When entering into infrastructure contracts, parties will attempt to negotiate a careful bargain ensuring their risk is minimised. The incorporation of a mutual exclusion of liability for consequential losses is common in many complex and high value projects, as a means of reducing each party's risk exposure to the other. The types of loss covered by a consequential loss exclusion has been considered on several occasions by State Supreme Courts, both in situations where the term has been defined and undefined in the contract. As seen in the Victorian Court of Appeal decision Environmental Systems v Peerless Holdings1, a broad view can be adopted, and in the State of Victoria, for the types of losses covered by an undefined consequential loss exclusion clause.

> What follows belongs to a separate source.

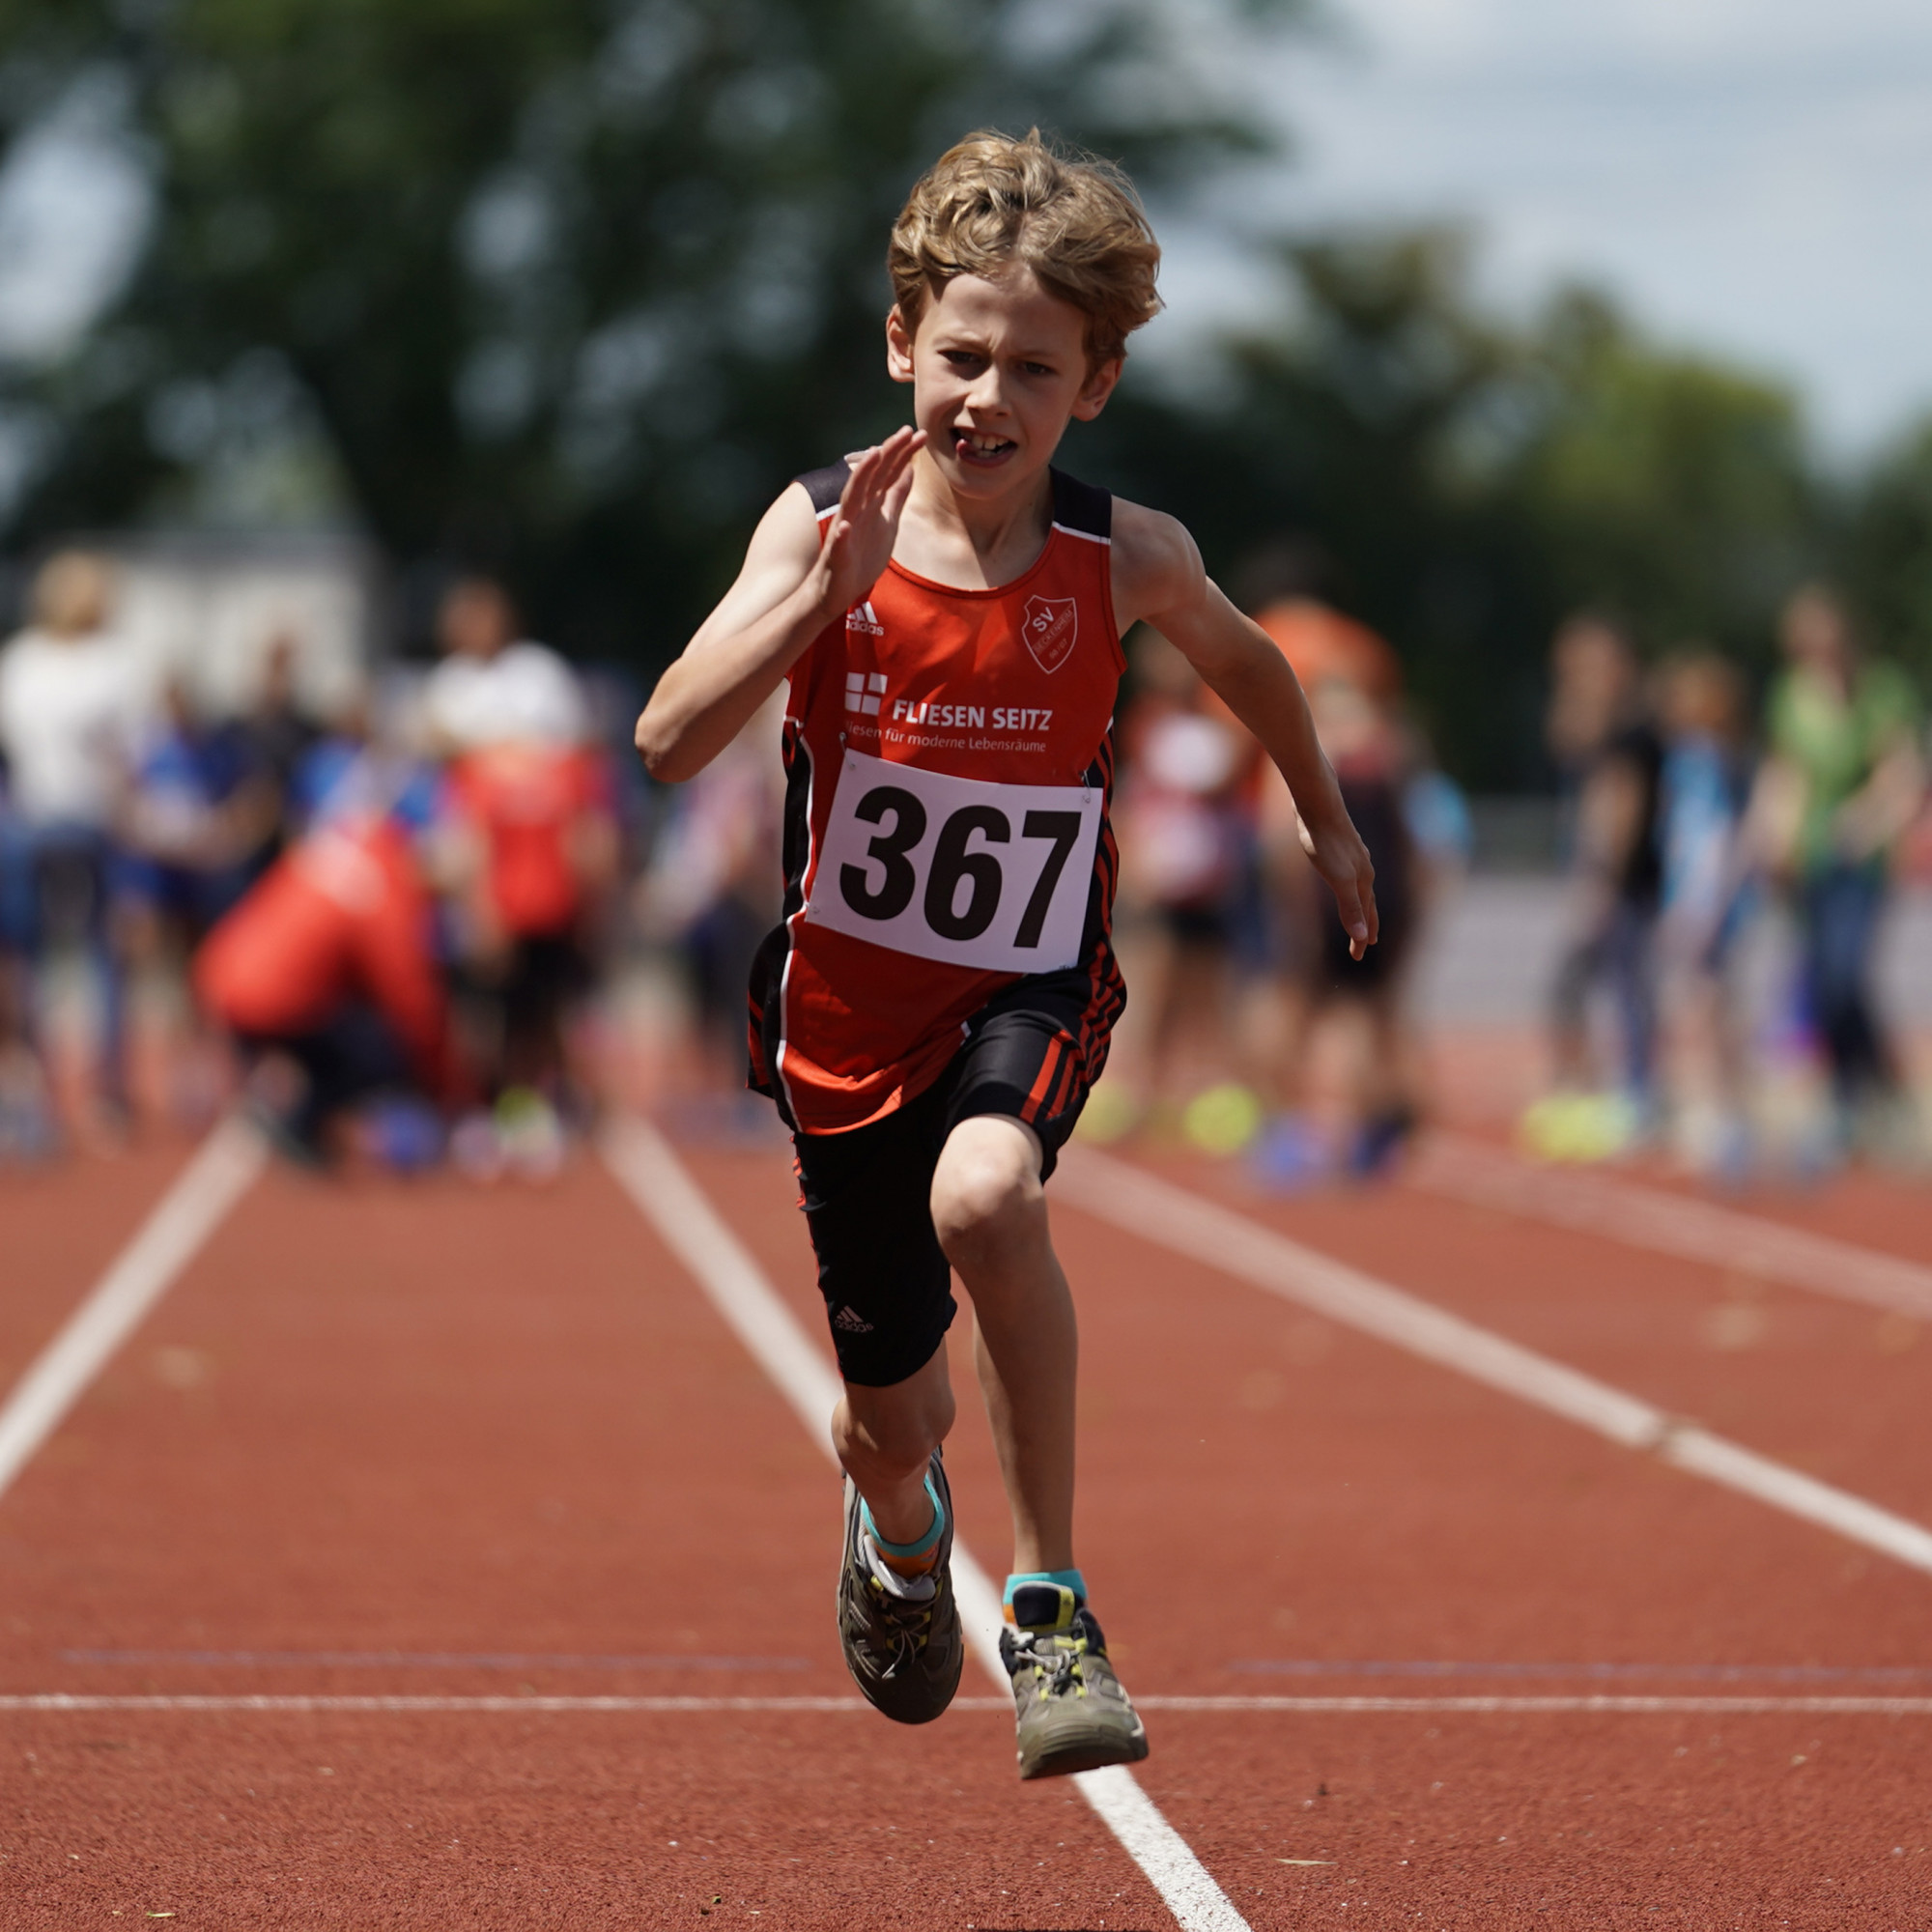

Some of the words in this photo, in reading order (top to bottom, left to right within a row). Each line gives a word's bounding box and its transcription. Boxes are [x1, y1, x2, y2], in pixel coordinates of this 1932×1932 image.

Two recent decisions of the New South Wales Supreme Court of MacMahon Mining Services v Cobar Management 2 again consider the exclusion of liability for consequential losses in the context of a defined term of "consequential loss" and highlight the importance of precisely drafting the intended extent of coverage of the term.

Background

On 14 October 2011, Macmahon Mining Services Pty Limited (the Contractor) and Cobar Management Pty Limited (the Principal), entered into a contract to design and construct certain works for the development of Cobar's copper mine at Cobar in NSW.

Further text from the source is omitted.